1. A linear scan `for` loop on line `for i,v in enumerate(nums):`

2. A linear scan by `in` operator for each number on line `if target-v in d`

• If you're going to complain every time someone uses O(1) for hash table lookups in their analysis, you'll have quite a lot of complaining to do :-P

• Ha-ha true that if nums is dict. Unfortunately nums is a list which is internally an array. Check this which says the runtime of in operator - https://wiki.python.org/moin/TimeComplexity

• Huh? What are you talking about? Is your "2)" referring to the `in` of `for i,v in enumerate(nums):`?

• Oh! Sorry for not being clear.
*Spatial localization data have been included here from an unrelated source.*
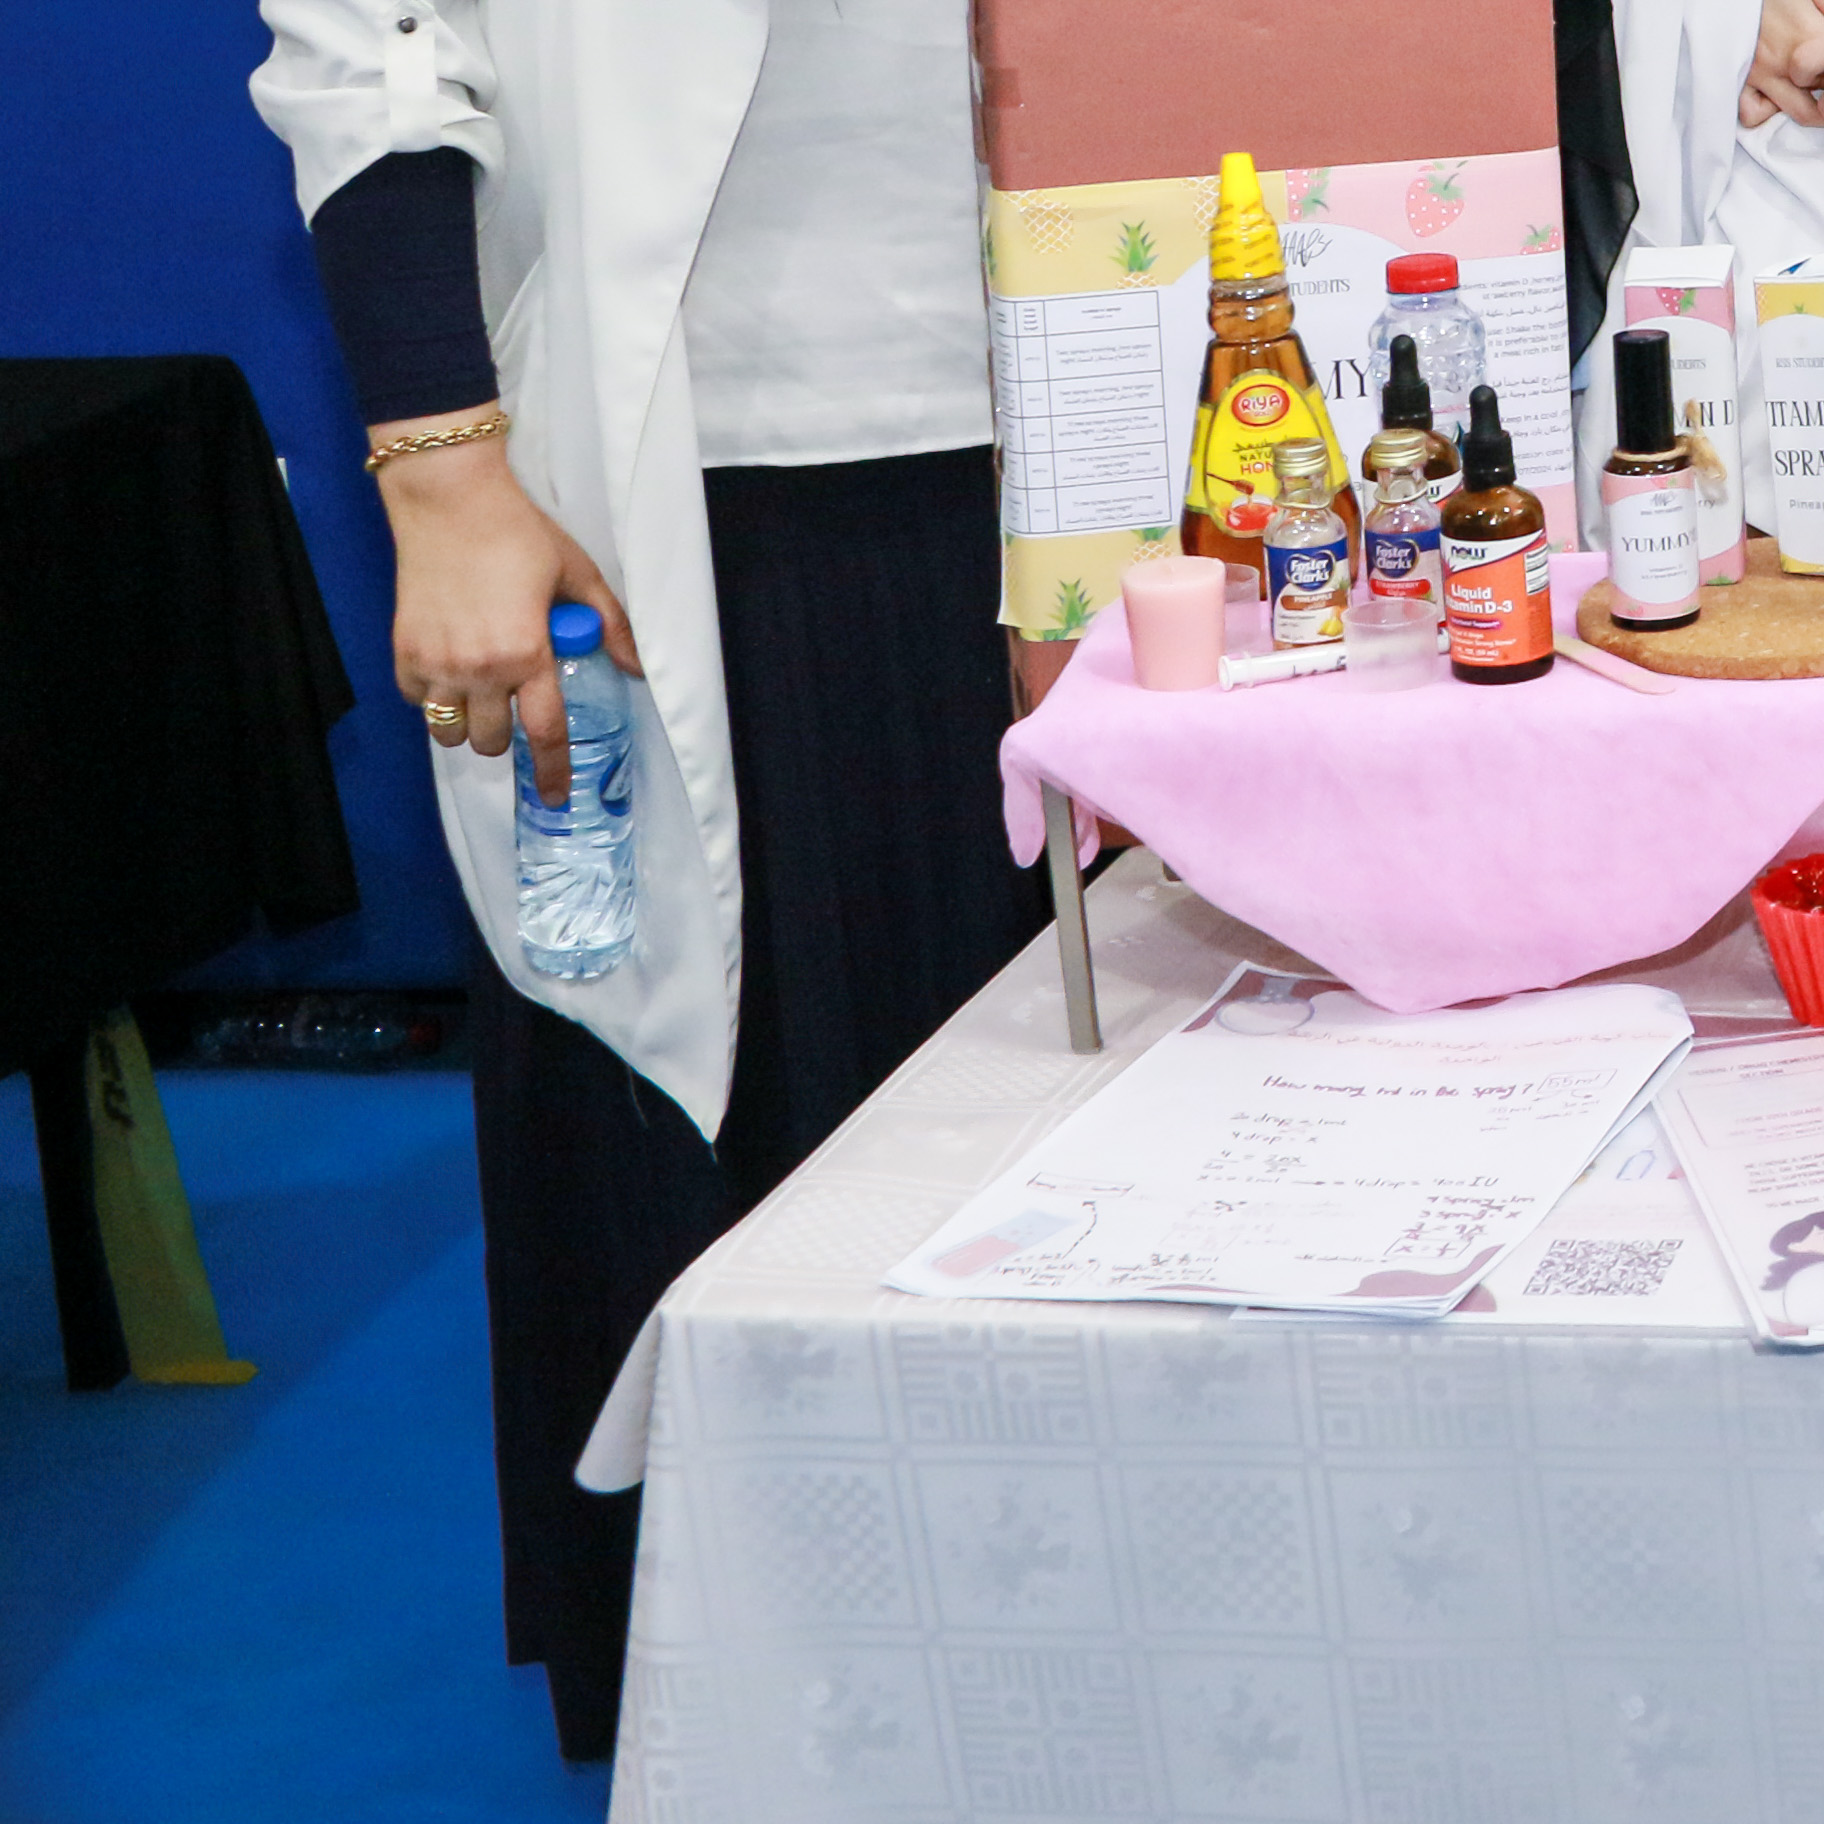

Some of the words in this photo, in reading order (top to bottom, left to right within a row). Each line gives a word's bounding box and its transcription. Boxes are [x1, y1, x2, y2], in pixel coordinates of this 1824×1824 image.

[1722, 398, 1735, 427] D
[1239, 452, 1276, 462] NATU
[1239, 461, 1276, 476] HON
[1375, 544, 1412, 558] Foster
[1289, 557, 1330, 572] Foster
[1290, 569, 1331, 585] Clark's
[1450, 583, 1492, 602] Liquid
[1485, 599, 1514, 614] D-3
[1261, 1073, 1308, 1092] How
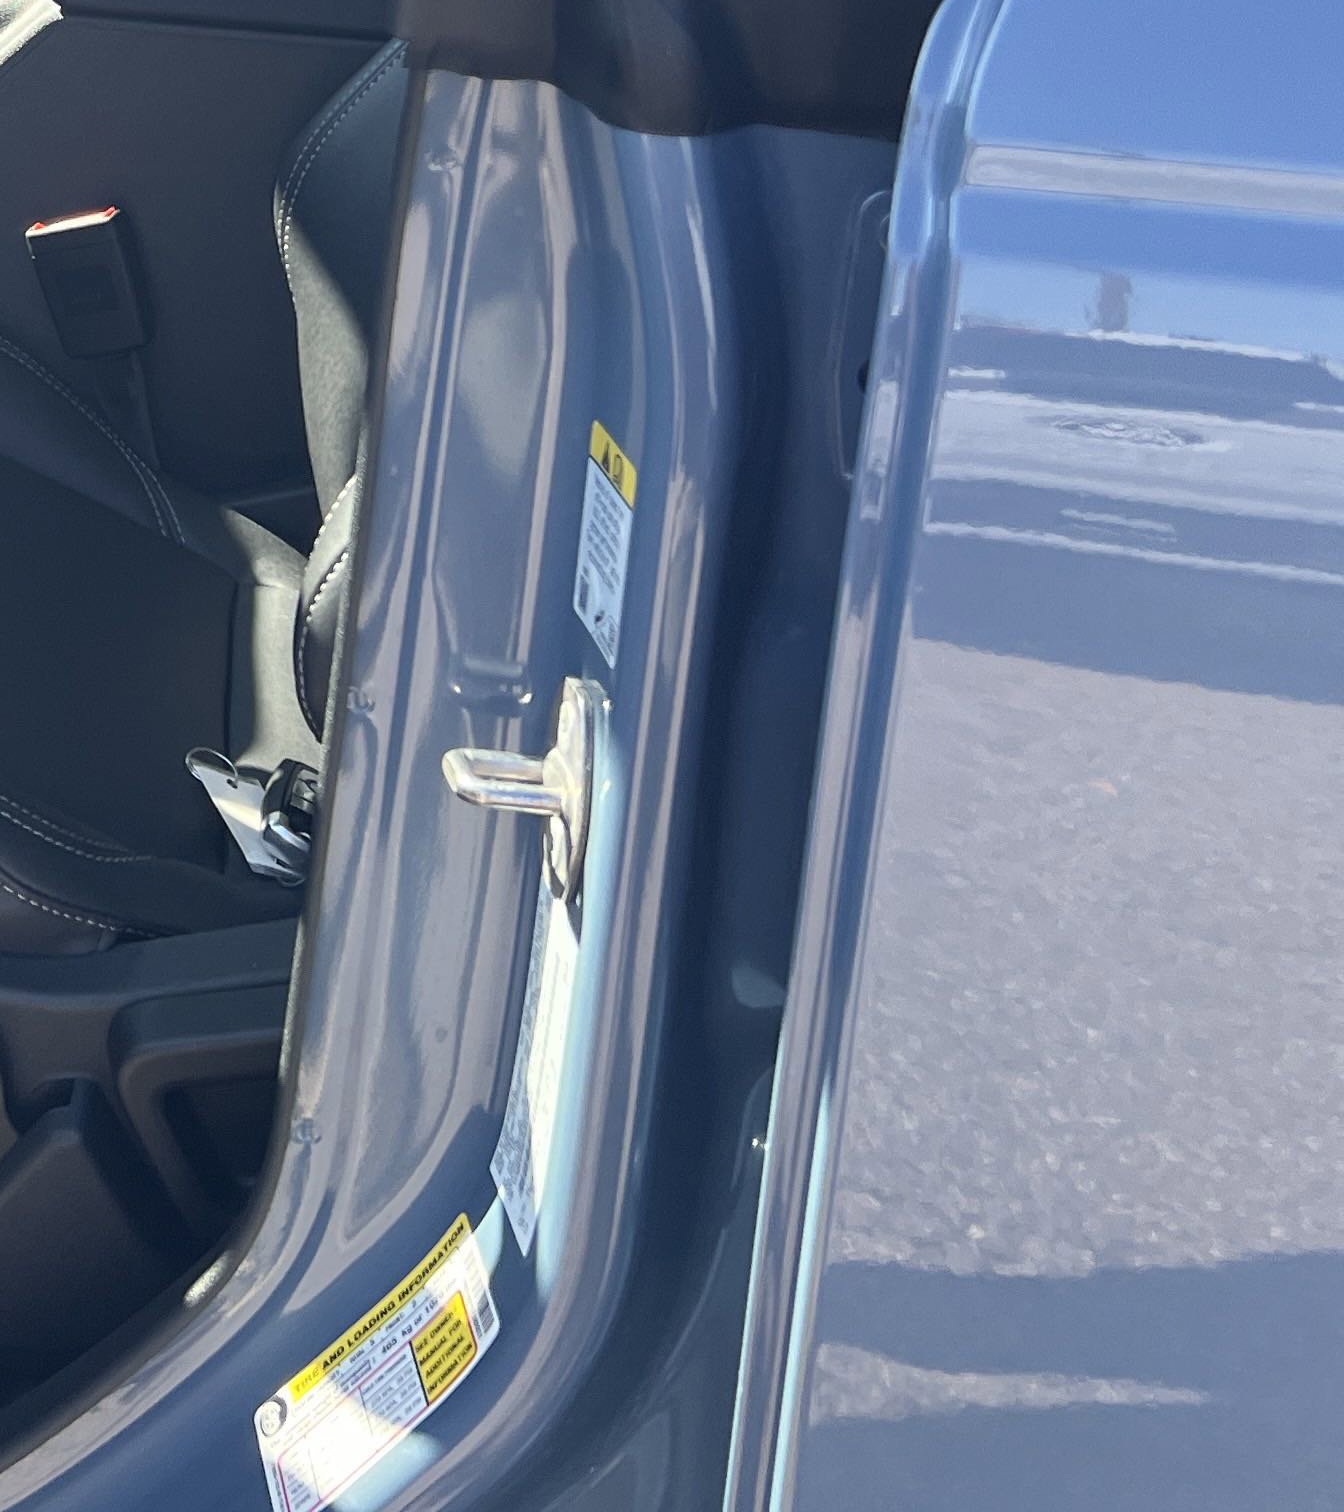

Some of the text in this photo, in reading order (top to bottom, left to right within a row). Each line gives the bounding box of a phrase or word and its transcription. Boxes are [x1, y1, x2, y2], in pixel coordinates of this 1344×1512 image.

I meant `in` in `if target-v in d`

• That's what I thought, but... that's checking `d`, not `nums`. And `d` is a dict.

• Sorry my bad. Didn't see that.

• Incorrect solution

• someone plz explain what i+1 and d[v]=i+1 is used for?

• @encrypt
this question has an update in (2016/2/13): The return format had been changed to zero-based indices.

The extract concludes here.